━━ Records supplied
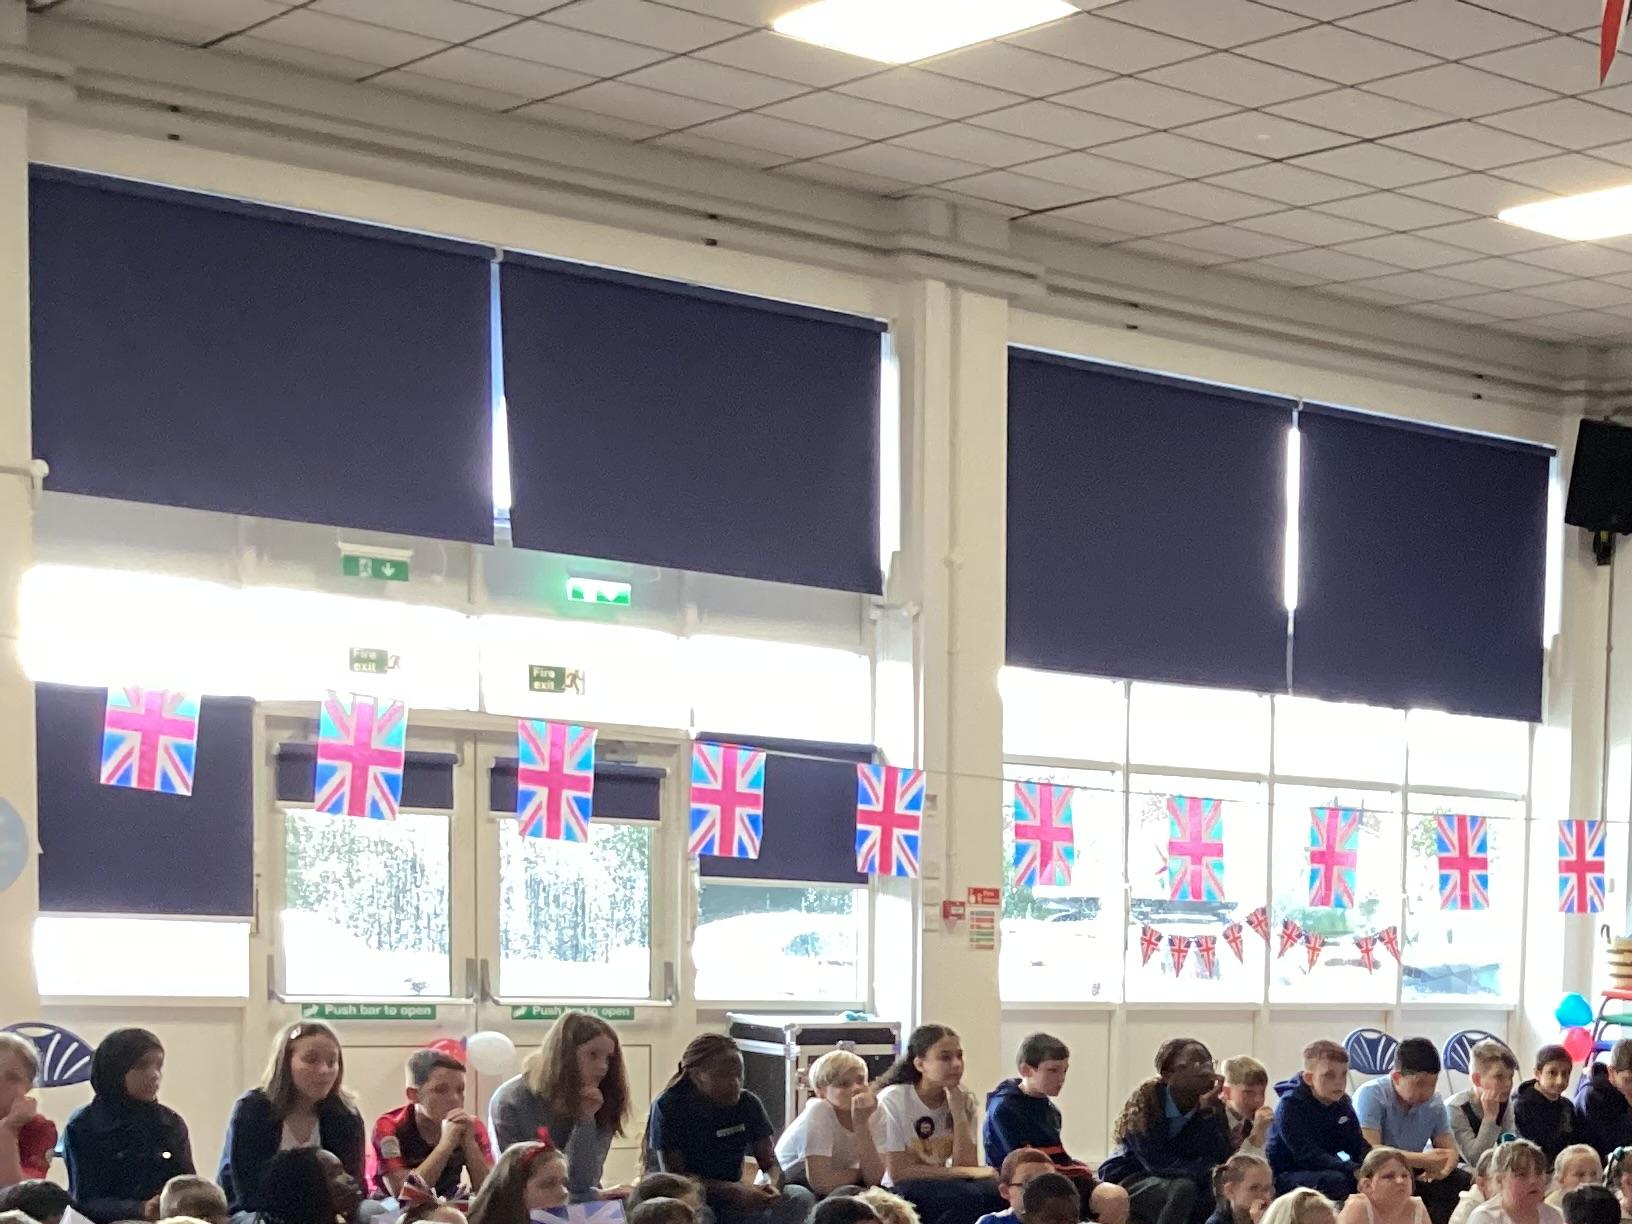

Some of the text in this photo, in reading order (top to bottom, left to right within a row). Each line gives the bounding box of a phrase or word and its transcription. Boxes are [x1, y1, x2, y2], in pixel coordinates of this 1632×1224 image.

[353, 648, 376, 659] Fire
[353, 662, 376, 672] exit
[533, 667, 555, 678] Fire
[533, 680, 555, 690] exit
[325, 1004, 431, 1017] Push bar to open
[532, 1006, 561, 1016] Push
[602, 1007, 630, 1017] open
━━━━
**Description of the task**.
Print the entire listing precisely as written, omitting the images it holds.

**Expected answer**.
Some of the text in this photo, in reading order (top to bottom, left to right within a row). Each line gives the bounding box of a phrase or word and its transcription. Boxes are [x1, y1, x2, y2], in pixel coordinates of this 1632×1224 image.

[353, 648, 376, 659] Fire
[353, 662, 376, 672] exit
[533, 667, 555, 678] Fire
[533, 680, 555, 690] exit
[325, 1004, 431, 1017] Push bar to open
[532, 1006, 561, 1016] Push
[602, 1007, 630, 1017] open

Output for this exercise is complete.